▸ **Task to carry out**:
The listing that follows must be retyped exactly, without its pictures.

▸ **Given records**:
━━━━━━

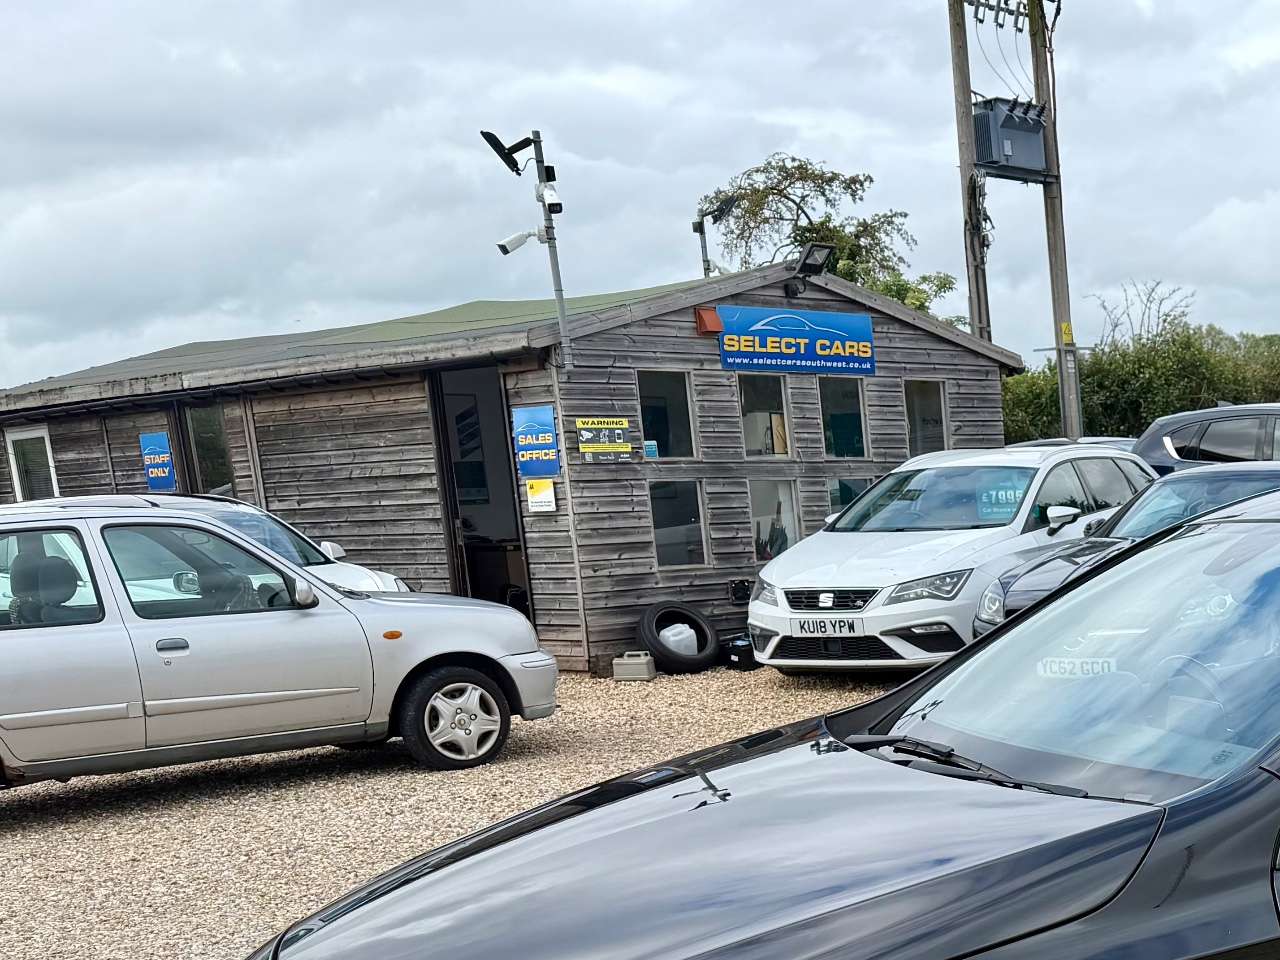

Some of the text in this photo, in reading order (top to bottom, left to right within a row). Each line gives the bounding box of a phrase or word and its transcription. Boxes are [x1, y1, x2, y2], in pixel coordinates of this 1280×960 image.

[723, 335, 872, 358] SELECT CARS
[727, 356, 871, 369] www.selectcarssouthwest.co.uk
[518, 433, 553, 445] SALES
[144, 454, 170, 464] STAFF
[519, 449, 557, 461] OFFICE
[149, 467, 169, 478] ONLY
[799, 620, 855, 634] KU18 YPW
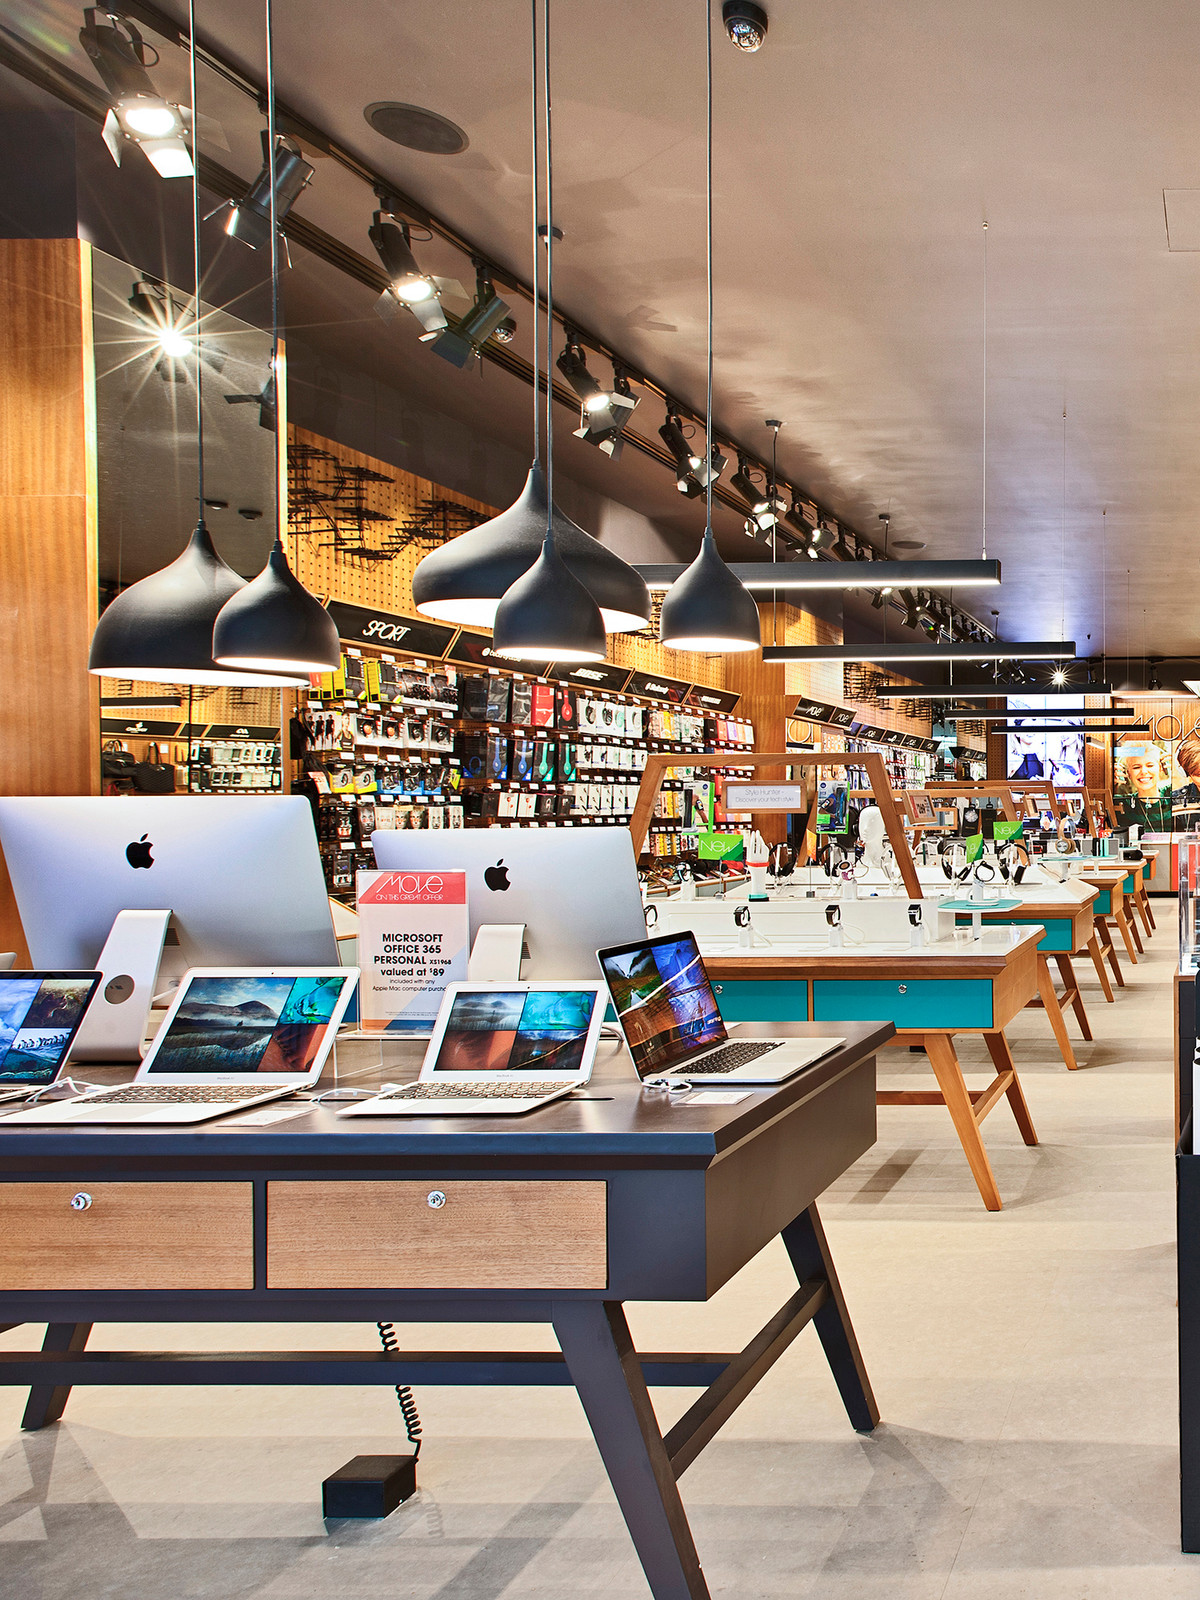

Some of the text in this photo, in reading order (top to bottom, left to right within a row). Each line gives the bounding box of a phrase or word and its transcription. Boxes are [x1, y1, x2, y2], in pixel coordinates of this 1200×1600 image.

[361, 619, 412, 642] SPORT
[382, 933, 443, 943] MICROSOFT
[383, 944, 442, 954] OFFICE 365
[374, 956, 427, 965] PERSONAL
[380, 968, 445, 977] valued at $89

━━━━━━

▸ **Answer box**:
Some of the text in this photo, in reading order (top to bottom, left to right within a row). Each line gives the bounding box of a phrase or word and its transcription. Boxes are [x1, y1, x2, y2], in pixel coordinates of this 1280×960 image.

[723, 335, 872, 358] SELECT CARS
[727, 356, 871, 369] www.selectcarssouthwest.co.uk
[518, 433, 553, 445] SALES
[144, 454, 170, 464] STAFF
[519, 449, 557, 461] OFFICE
[149, 467, 169, 478] ONLY
[799, 620, 855, 634] KU18 YPW

Some of the text in this photo, in reading order (top to bottom, left to right within a row). Each line gives the bounding box of a phrase or word and its transcription. Boxes are [x1, y1, x2, y2], in pixel coordinates of this 1200×1600 image.

[361, 619, 412, 642] SPORT
[382, 933, 443, 943] MICROSOFT
[383, 944, 442, 954] OFFICE 365
[374, 956, 427, 965] PERSONAL
[380, 968, 445, 977] valued at $89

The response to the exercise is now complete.